(DATA UNDER STUDY Opens)

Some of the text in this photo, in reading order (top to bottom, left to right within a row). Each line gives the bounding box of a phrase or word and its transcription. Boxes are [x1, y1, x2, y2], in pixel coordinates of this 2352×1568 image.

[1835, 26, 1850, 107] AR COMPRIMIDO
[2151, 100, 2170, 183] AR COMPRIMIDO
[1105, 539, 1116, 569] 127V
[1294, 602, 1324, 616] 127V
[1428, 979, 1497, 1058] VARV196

(DATA UNDER STUDY Closes)

◆ **PROBLEM TO WORK ON**
Return each entry from the material above exactly as it appears.

◆ **PROBLEM SOLUTION**
Some of the text in this photo, in reading order (top to bottom, left to right within a row). Each line gives the bounding box of a phrase or word and its transcription. Boxes are [x1, y1, x2, y2], in pixel coordinates of this 2352×1568 image.

[1835, 26, 1850, 107] AR COMPRIMIDO
[2151, 100, 2170, 183] AR COMPRIMIDO
[1105, 539, 1116, 569] 127V
[1294, 602, 1324, 616] 127V
[1428, 979, 1497, 1058] VARV196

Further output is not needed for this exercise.